The Gambian President Adama Barrow, a former property developer whose surprise electoral victory prompted the country’s first transition of power in more than two decades, has appointed a woman as his vice president. Fatoumatta Tambajang (photo), a prominent pro-democracy activist who was part of the opposition coalition that unseated long time ruler Yahya Jammeh. Ms Tambajang, was a former UN Development Program gender/development expert who served as a cabinet minister of Health, Social Welfare and Women’s Affairs in the previous government. There are only five women, 9.4 percent, in the Gambian parliament of 53, and their rank in the world classification is 163 (2012 data). Women’s rights campaigners in Jordan believe the country is slowly moving towards more progressive political representation after women MPs won 20 of 130 seats in recent parliamentary elections, compared with 18 out of 150 in the previous parliament. The strong performance of high-profile female MPs in the previous parliament has contributed to the emerging belief in ‘women’s ability to do good’ and effect change. While some have simply been ‘mouthpieces’ for the tribes they represent, a few have devoted themselves to pressing causes, including the campaign to overturn Article 308 of the Penal Code, which grants rapists clemency if they marry their victims.
Women in the Movies.
As part of Sydney’s International Women’s Day celebrations, I was delighted to hear actor Geena Davis speak at the Sydney Opera House. She has agreed to be in Ryan Murphy’s latest film Feud; he has committed to filling half of Feud’s director positions with women, people of color, and members of the LGBT community as part of his recently launched Half Foundation. Murphy has also created nearly 15 roles for women over 40 years of age on the new anthology series, provided women with salary parity, and given both Susan Sarandon and Jessica Lange partial ownership of the show.
The recruitment of black African American women to work as mathematicians at the NASA installation in the south of US, demonstrated in the film Hidden Figures, challenges much of what we think we know about American history.

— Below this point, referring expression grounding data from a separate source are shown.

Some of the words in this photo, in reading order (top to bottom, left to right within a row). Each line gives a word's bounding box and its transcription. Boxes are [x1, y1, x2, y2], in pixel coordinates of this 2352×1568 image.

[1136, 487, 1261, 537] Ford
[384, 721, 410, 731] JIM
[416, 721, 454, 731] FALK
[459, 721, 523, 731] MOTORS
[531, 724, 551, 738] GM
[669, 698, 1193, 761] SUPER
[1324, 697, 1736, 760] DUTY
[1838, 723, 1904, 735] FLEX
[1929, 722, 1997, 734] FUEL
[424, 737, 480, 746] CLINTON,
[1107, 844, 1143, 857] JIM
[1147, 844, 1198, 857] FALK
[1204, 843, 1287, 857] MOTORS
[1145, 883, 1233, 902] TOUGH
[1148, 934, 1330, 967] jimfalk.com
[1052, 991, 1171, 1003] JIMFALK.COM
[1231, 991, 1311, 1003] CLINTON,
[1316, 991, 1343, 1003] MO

The photo of Dr Christine Darden, aerospace engineer and mathematician in the control room of a NASA wind tunnel, is one of many other women known as the ‘coloured computers’ who were not highlighted in the film. While the black women are the most hidden of the mathematicians who worked at the National Advisory Committee for Aeronautics, and later at NASA, they were not sitting alone in the shadows: the white women who made up the majority of Langley’s computing workforce over the years have hardly been recognised for their contributions to the agency’s long-term success. The surprisingly large numbers of black and white women who had been invisible in a profession seen as universally white and male, and the body of work they left behind was a revelation.
Women around the world.
Dame Nemat Shafik, better known by her nickname Minouche, has become the first woman to run the London School of Economics. St Paul’s Cathedral in the United Kingdom has appointed its first full-time female chorister in its 1,000-year history. Carris Jones, 35, was unanimously selected to join the choir’s alto section after several rounds of auditions by a panel including the cathedral’s director of music, organist and team of clergymen. St Paul’s musical director Andrew Carwood said Jones stood out because of her powerful and lyrical voice, and he hoped the new appointment would inspire other women to apply in future.

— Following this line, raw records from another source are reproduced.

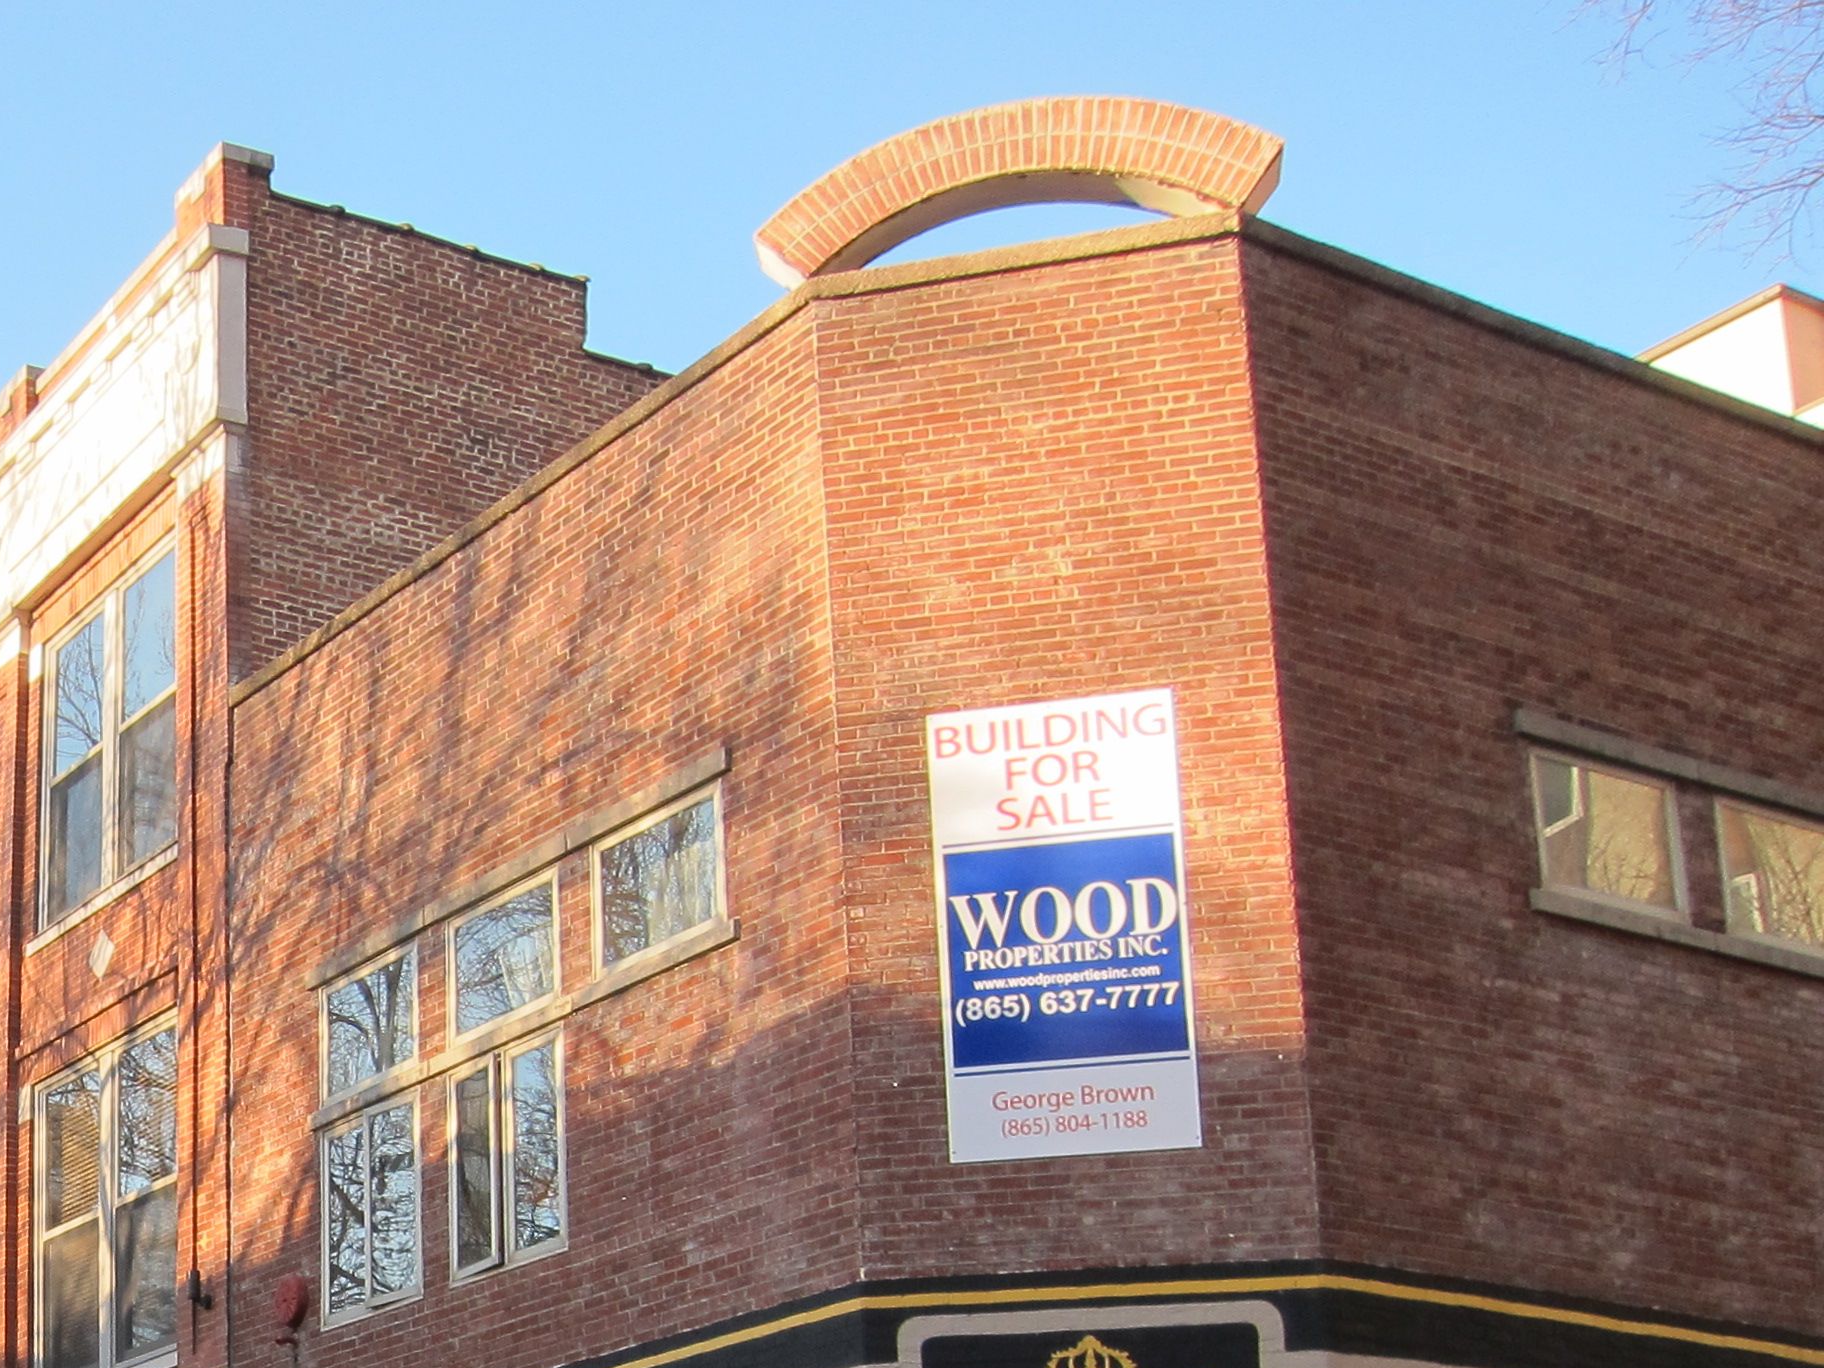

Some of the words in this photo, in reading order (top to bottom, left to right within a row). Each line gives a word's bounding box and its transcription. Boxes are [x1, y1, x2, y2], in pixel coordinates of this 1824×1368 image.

[933, 703, 1168, 759] BUILDING
[1005, 751, 1100, 791] FOR
[996, 788, 1113, 831] SALE
[949, 877, 1177, 950] WOOD
[963, 939, 1113, 972] PROPERTIES
[1118, 935, 1169, 958] INC.
[973, 964, 1161, 990] www.woodpropertiesinc.com
[955, 993, 1031, 1027] (865)
[1039, 981, 1180, 1015] 637-7777
[991, 1090, 1075, 1113] George
[1080, 1084, 1155, 1106] Brown
[1001, 1115, 1050, 1138] (865)
[1055, 1110, 1149, 1134] 804-1188

Norway, one of the world’s most gender equal nations has announced its first-ever appointment of a woman to head the air force, Tonje Skinnarland, (photo) promoted at the age of 49 to the rank of major general. This comes as the nation’s air force undergoes a modernisation drive, with the imminent replacement of a fleet of old F-16 fighter jets with ultra-modern F-35s. After serving for three decades in the army – never as a pilot – her promotion is seen as a new milestone on the road towards gender parity. Since the early 1990s, the Norwegian army has seen women serve as fighter pilots, helicopter pilots and submarine commanders.
Military service has been mandatory for both sexes in Norway since last year, in a unique case for the NATO bloc, but due to a limited number of places, only the most motivated are kept on the force. Nearly one-third of conscripts called last summer were young women, who are often housed in mixed dorms to strengthen cohesion within the force.

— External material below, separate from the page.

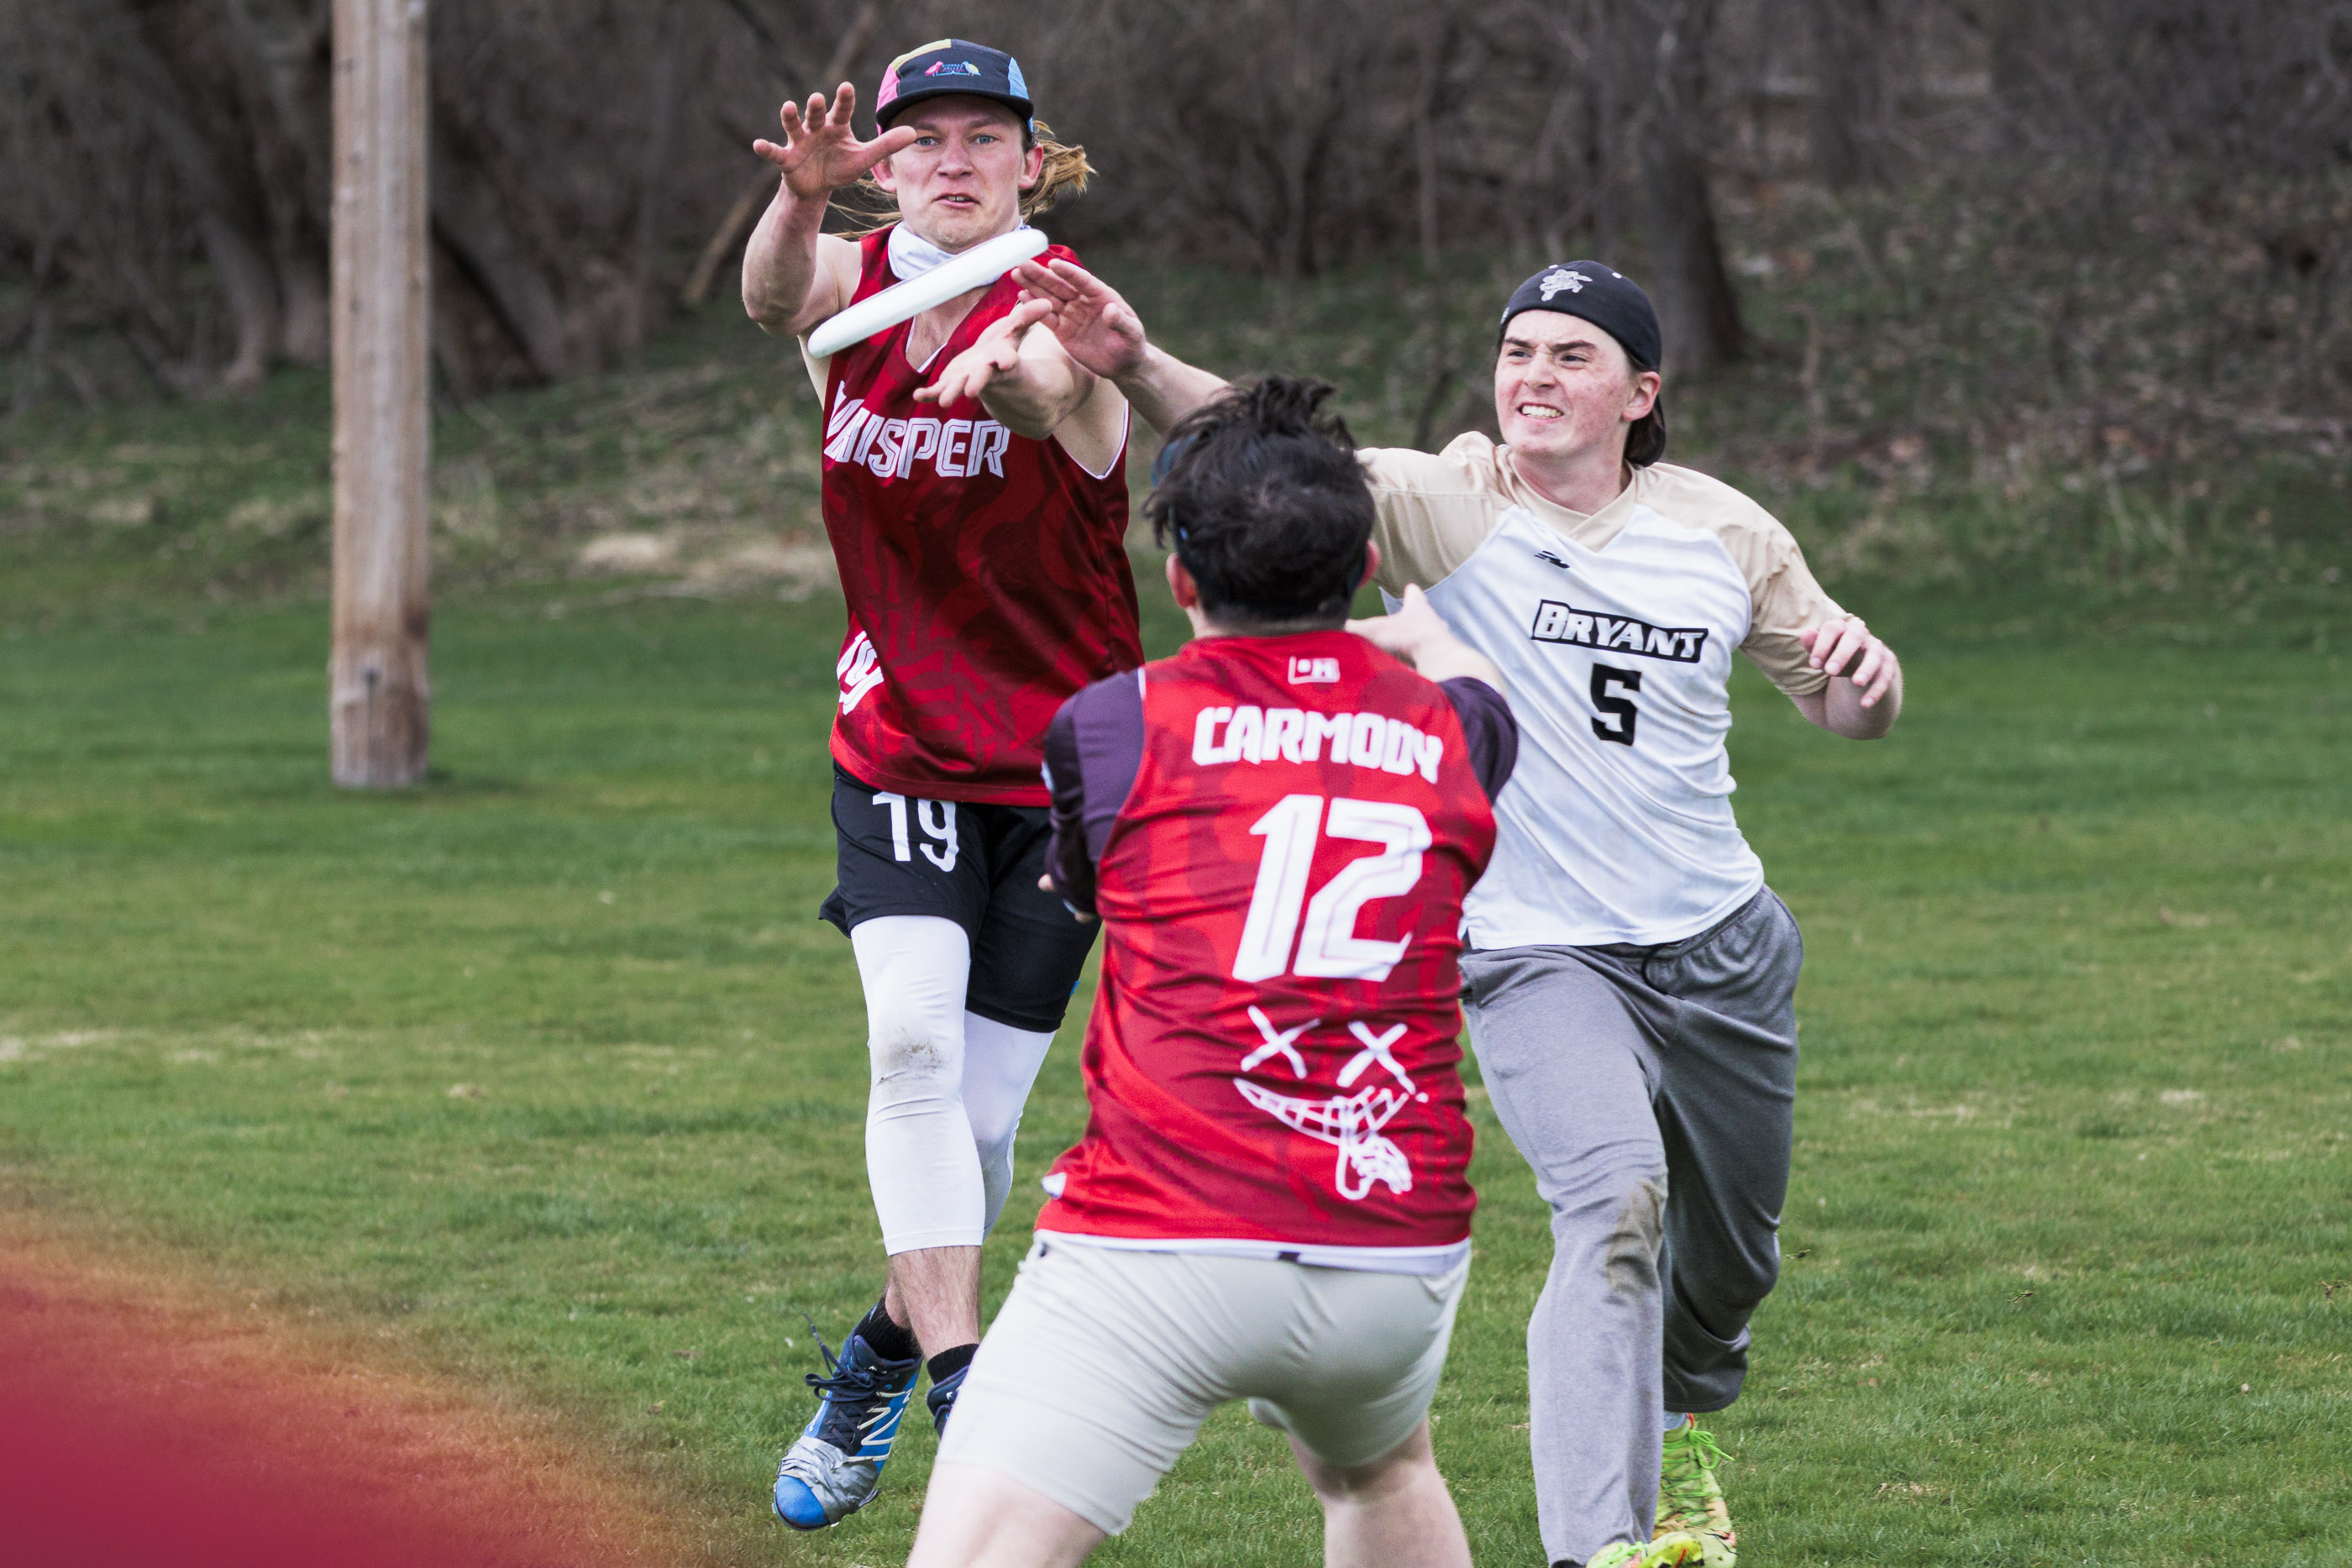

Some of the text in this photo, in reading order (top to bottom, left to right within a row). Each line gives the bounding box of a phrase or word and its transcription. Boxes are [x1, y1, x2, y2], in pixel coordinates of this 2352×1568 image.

President Juan Manuel Santos of Colombia won the 2016 Nobel Peace Prize for his work on a peace agreement that women activists and movements working from the frontlines of local communities had an important role in achieving. Female Nobel prizewinners are still in short supply. As of 2015, just 48 women had been awarded a Nobel Prize, compared with 822 men: women are more likely to take home the Peace Prize — accounting for 16 such awards, followed by 14 for literature, 12 for physiology or medicine, four for chemistry, two for physics and one for economic sciences.
Women in Africa.
According to the 2016-2017 Global Competitiveness report, Rwanda is the third most competitive economy in Africa and 52nd globally after Mauritius (45) and South Africa (47) and the highest in the world and female in parliamentary representation (64 %). In Nigeria, ImeIme Umana, has made history as the first black woman president and the 131st leader of the Harvard Law Review, a prestigious legal journal in US. (Former US President Barack Obama was the first black person to be elected president in 1990.) The literary world is again mourning following the death at the age of 72 of Florence Onyebuchi ‘Buchi’ Emecheta (photo), one of Nigeria’s renowned literary figures, author of the world-acclaimed novel, Second Class Citizen and whose works included: The Joys of Motherhood, and The Bride Price. She was known for championing the causes of women and girls in her writings, which covered topics including child slavery, child marriage, life as a single mother, abuse of women, female independence and freedom through education, and racism in the UK and elsewhere. “Black women all over the world should re-unite and re-examine the way history has portrayed us,” she said.
Women in Australia.
June Oscar is the first Indigenous woman to be appointed ATSI Social Justice Commissioner at the Australian Human Rights Commission. She is a Bunuba woman who is currently chief executive of the Marninwarntikura Women’s Resource Centre in Fitzroy Crossing. Oscar has has a long career leading and advocating for Indigenous communities, most notably in helping to fight alcohol-related issues and damage, and playing an instrumental role in initiating the country’s first major study in Foetal Alcohol Spectrum Disorder. She was named one of the 50 most influential women in the world in 2011 and later awarded an Officer of the Order of Australia. The Indigenous Australian playwright and actor Leah Purcell has won the Victorian prize for literature for her acclaimed reimagining of Henry Lawson’s The Drover’s Wife, with a $100,000 prize, Australia’s richest single literary award. Purcell was also awarded at the Victorian premier’s literary awards, the $25,000 prize for drama for the same play, that premiered as part of the 2016 season for Belvoir Street Theatre in Sydney, and which the panel of judges described as a piece of theatre that “explodes out of the blocks with a moment of stark brutality and never lets up”.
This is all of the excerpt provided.